When I moved to Boston I switched from the El to the T, but the train-writing worked the same.   I rarely ride the subway anymore, but sometimes when I’m feeling dull, I buy a Charlie ticket on the Red Line, made a desk of my knees and backpack, and write until I’m out of juice, then get out at whatever stop is closest and explore.      
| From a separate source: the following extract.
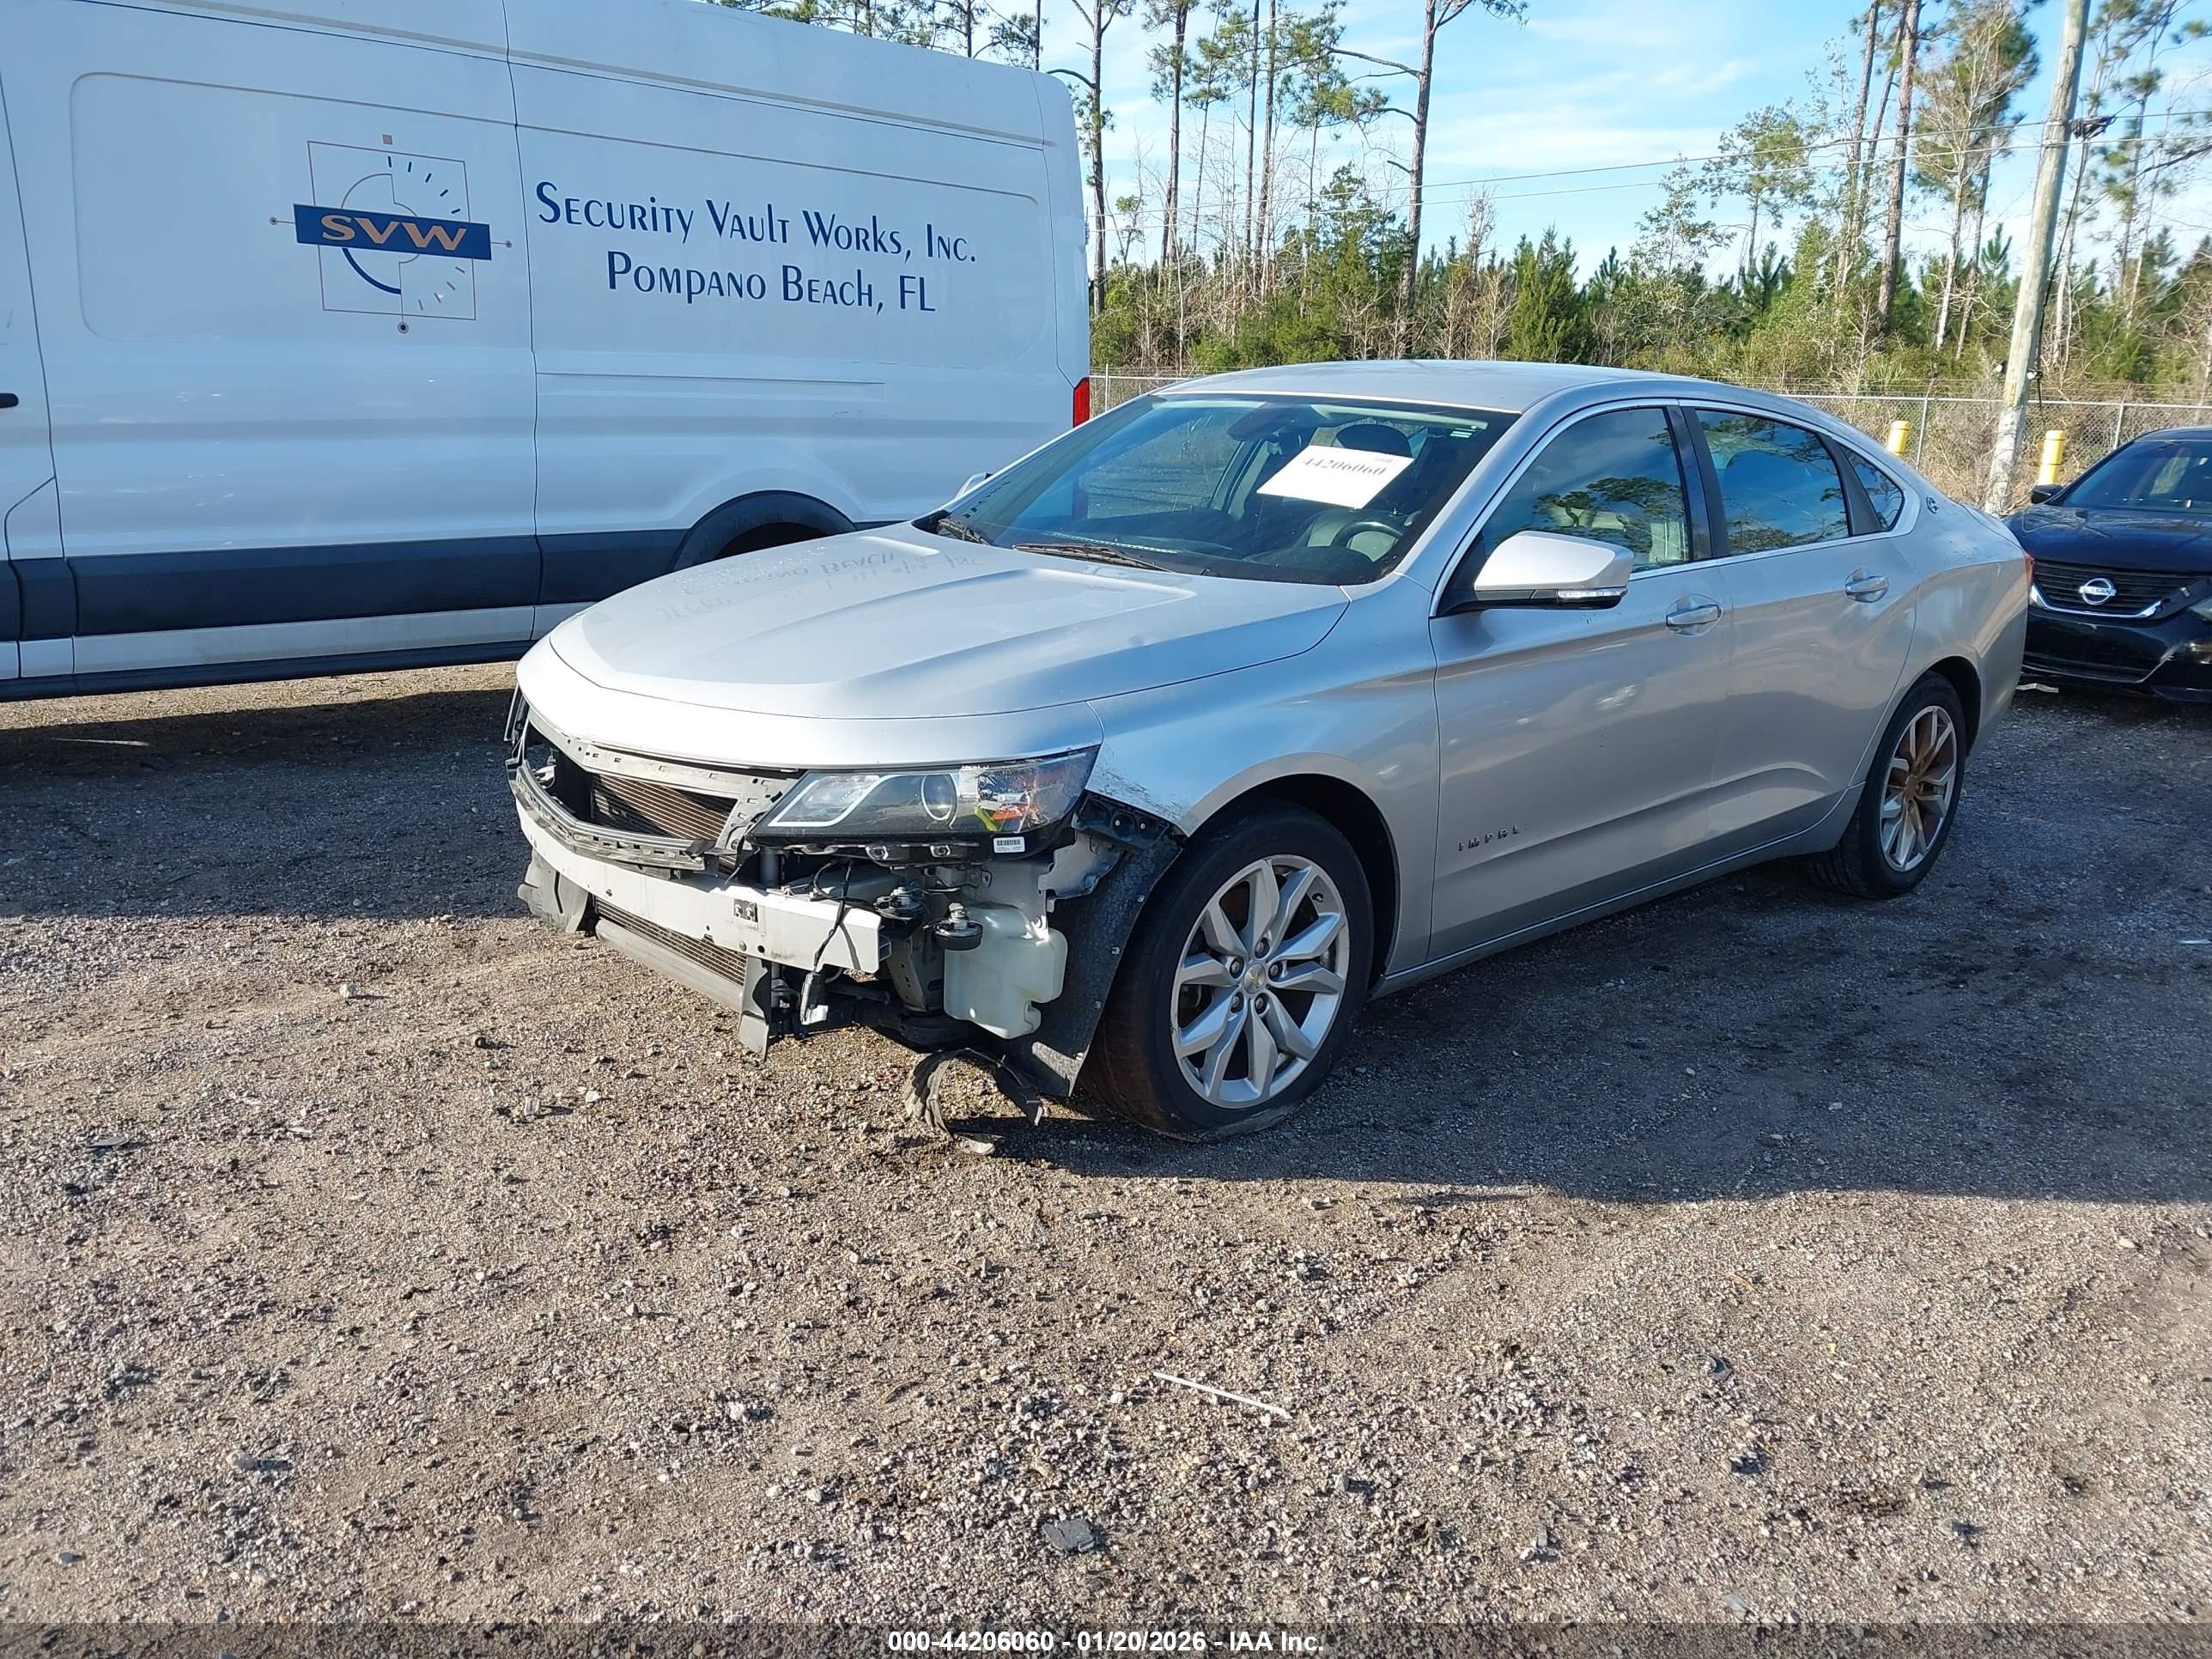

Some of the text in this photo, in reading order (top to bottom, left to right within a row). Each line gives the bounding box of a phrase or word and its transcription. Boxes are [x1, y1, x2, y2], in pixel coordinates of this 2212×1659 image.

[320, 214, 468, 252] SVW
[898, 275, 937, 313] FL
[1304, 457, 1387, 476] 44206060
The pandemic put a stop to train-writing for a while.   I feel that itch for a change, so bored with moving from my study to the dining room to the sun room.   I have two windows open on this computer.  One is Scrivener, where I’m writing the draft for this blog, and the other is a Youtube video:  Driver’s Eye View of the Royal Gorge Route Railroad, which follows the Arkansas River for an hour and a half.     I’ve maneuvered things so that it looks a bit as it would if I was sitting by a window.  There’s engine noise, and the images passing by create a tiny sense of motion.   I saw a flash of color a bit ago—some people were paddling bright-blue rafts—and then I wrote a bit, and now I see the river’s all frothy.  I remember a day I spent at age 16, white-water rafting on the Youghiogheny River in Pennsylvania with a church group with a couple of pro guides on each raft.   Knees clenched onto the seat, water spraying everywhere, and how loud the rapids were, six foot drops scarier than a 60-foot roller coaster.  Somebody on the boat behind us fell out and broke his leg.   I think there might be a story nugget there..

It’s nice to figure out that with a little help from the internet, I can make my own train.    

May need knife and fork

Write what you know. 

As a teenager, I discovered this maxim and realized also that I knew… not much.   I believed, though, that a) one could know everything, and b) a set of books fancy enough to use the “encyclopaedia” spelling must contain all the knowledge any writer could need.  Enter our set of Encyclopaedia Britannica, 15th edition, big, heavy books bound in brown and gold.  My parents had made a big investment in this set, financially and in shelf space.  The 28 volumes took up a couple of yards’ worth of the bricks and boards that lined my father’s study.  Alternating the short articles of the Micropaedia with the in-depth technical articles of the Macropaedia, I persisted through the letter A, but B proved beyond me.  I suspended the reading project and the idea of serious writing for years.   

Despite what should be a cautionary tale, I still seek out writing advice.  I can get derailed, though, by my tendency to mix up the literal and figurative…    

“Be voracious about collecting new words…”  — Jess Zafarris

I woke up empty-bellied, my word-hoard depleted.   I felt ravenous.   My toes recoiled from the chilly floorboards.  I squinted against the morning light and fumbled for my slippers.     

“Person, woman, man, camera, TV.”  —Voldemort

Window, chair, lamp, bedspread, cat.   Plain food couldn’t provide the sustenance I needed.   Wall, doorway, staircase, kitchen, carpet.   My heart pounded as I searched.  Then I saw it, slumped into the armchair.  Five faded syllables.  A trembling crossbar, collapsed counters and broken serifs, ascenders fallen.  The tittle was missing altogether.     

“It is in your hands.”  Toni Morrison

I touched the thing with my pointer finger, the barest tap.  It seemed as though it might crumble to dust at any moment.  I thought of Toni and dead words  “content to admire [their] own paralysis.”   A serif twitched.  I let the thing lie while I looked for the tittle, which had taken quite a bounce, rolling almost to the radiator.   I chirped to it in its whistling, hoppy tongue, and at last it rolled onto my palm.    

Its color had improved while I was away.  At last I got it spread out over the top of the chair.  I had to press just a bit to set the tittle atop its stem;  it gave a brief squawk as it settled in.      “You’re a fine, fine word,” I reassured the antimacassar.  “Protecting generations of upholstery from gentlemen’s locks lacquered with the “incomparable oil, Macassar,” as the poet Byron put it.    Representative of dusty Victorian propriety as well as the close-up messiness of beauty.”  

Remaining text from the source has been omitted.